Oberon’s ears perked up and he turned to the door. ‹Someone’s coming.›
A customer walked in, looking for a copy of The Upanishads, and after that a fairly steady stream of people were either browsing or buying something. The lunchtime lull was over, and soon enough Perry came back to help out. After giving a regular his customary cup of Daddy’s Little Helper (my code for a tea designed to promote prostate health), the phone rang. It was a call from one of Radomila’s coven.
“Mr. O’Sullivan, my name is Malina Sokolowski. May I speak to you about what occurred between you and Emily this afternoon?”
“Well, sure. But I cannot speak frankly right now. I have customers in the store.”
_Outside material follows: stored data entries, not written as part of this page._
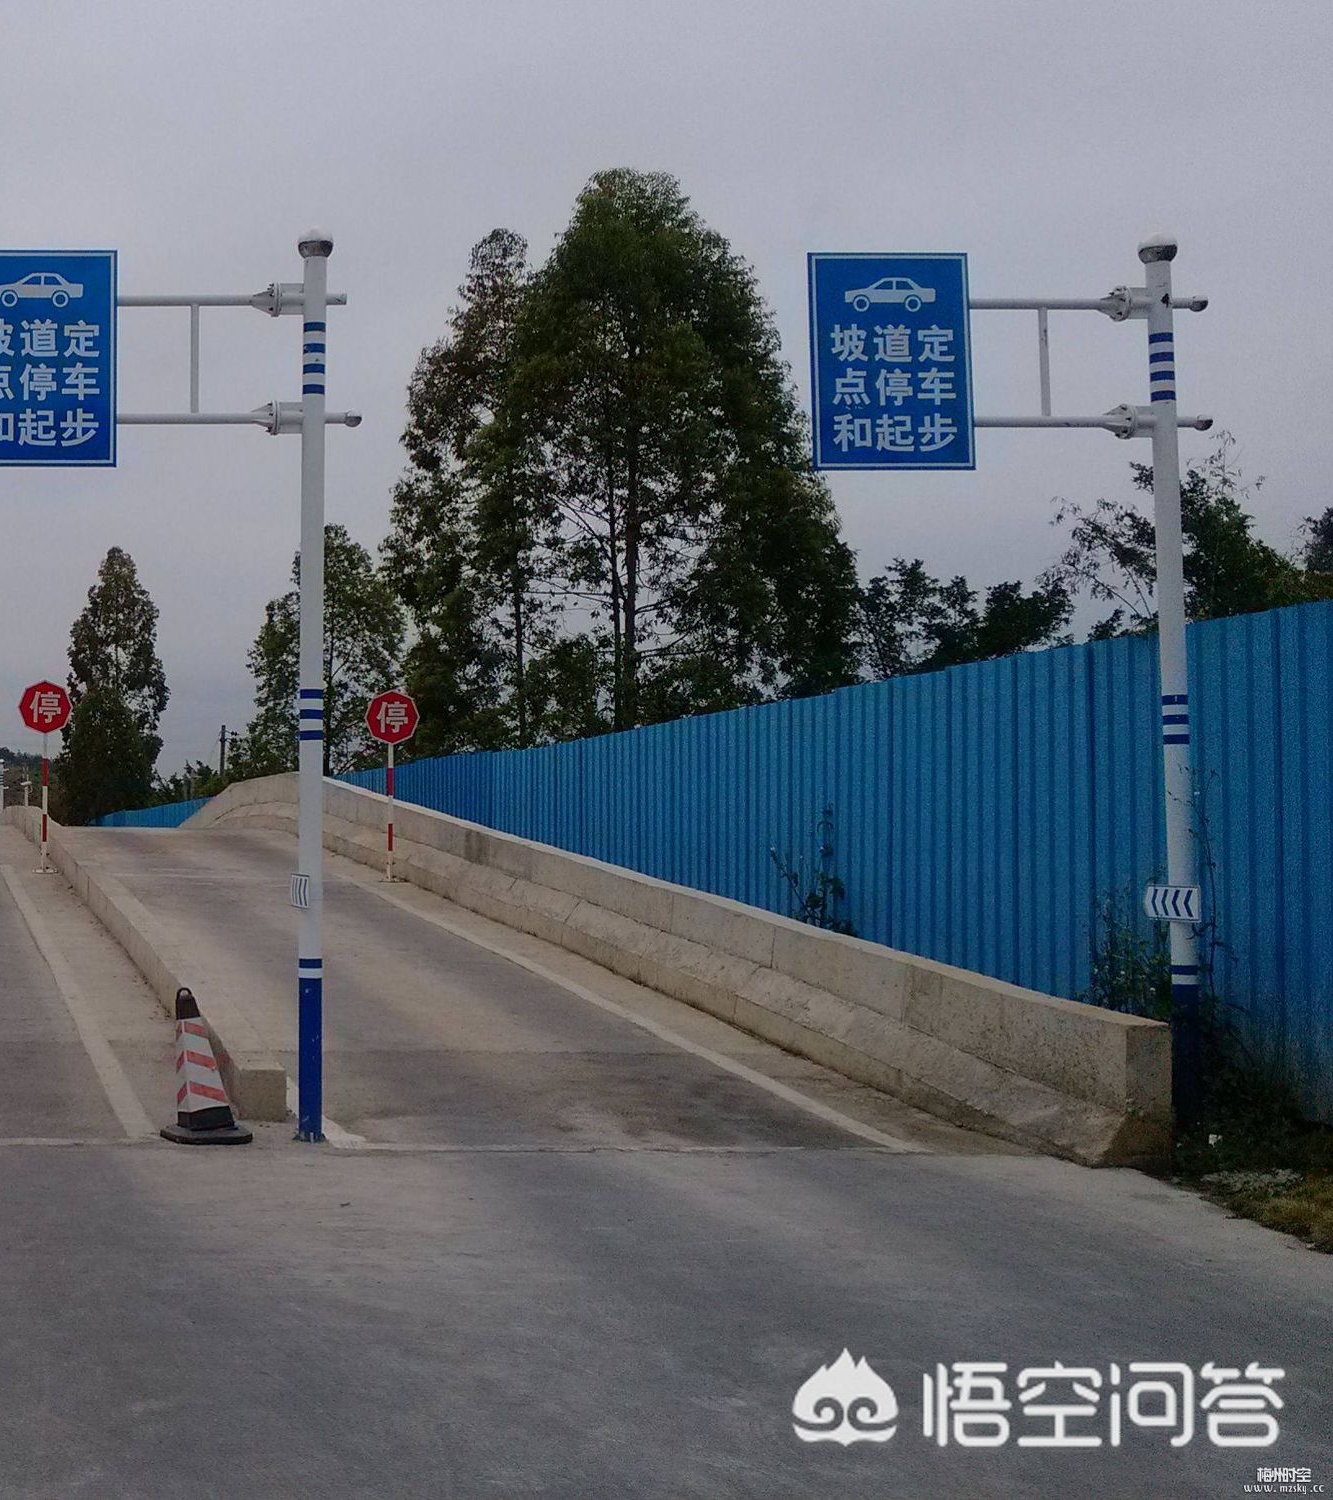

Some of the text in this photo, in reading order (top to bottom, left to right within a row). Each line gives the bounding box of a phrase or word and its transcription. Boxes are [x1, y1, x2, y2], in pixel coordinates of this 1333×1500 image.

[830, 324, 955, 362] 坡道定
[832, 367, 957, 406] 点停车
[833, 412, 957, 452] 和起步
[29, 691, 61, 723] 停
[376, 701, 408, 733] 停
“I understand,” she replied. She had a warm voice and a faint accent that had to be Polish, judging by her name. “Let me ask you this: Do you consider the contract between you and Emily to still be in effect?”
“Oh, absolutely.” I nodded as if she could see it. “Nothing happened to nullify that.”
“That is reassuring. Would you mind terribly if I accompanied her for tomorrow’s tea?”
“I suppose that would depend on your intentions.”
“I will not fence with you,” Malina said. What was this coven’s obsession with fencing? “My intention is to defend Emily in case you attack her again.”
“I see. And, according to Emily, how many times have I attacked her so far?”
“Once physically and once magically.”
“Well, at least she got that part right. But in both cases, Malina, it was she who initiated the attack. I was able to redirect both attacks against her; hence the injuries you have no doubt seen.”
“So it’s her word against yours,” she sighed.
“Yes. And I understand that you must take her word against mine. But you must understand that she told me her lover is a sworn enemy of mine. By doing so, she has allied your entire coven with him.”
“No, that’s unthinkable!” Malina objected. “If we were allied with this individual, then we would not be trying to humiliate him.”
“Why are you trying to humiliate him?”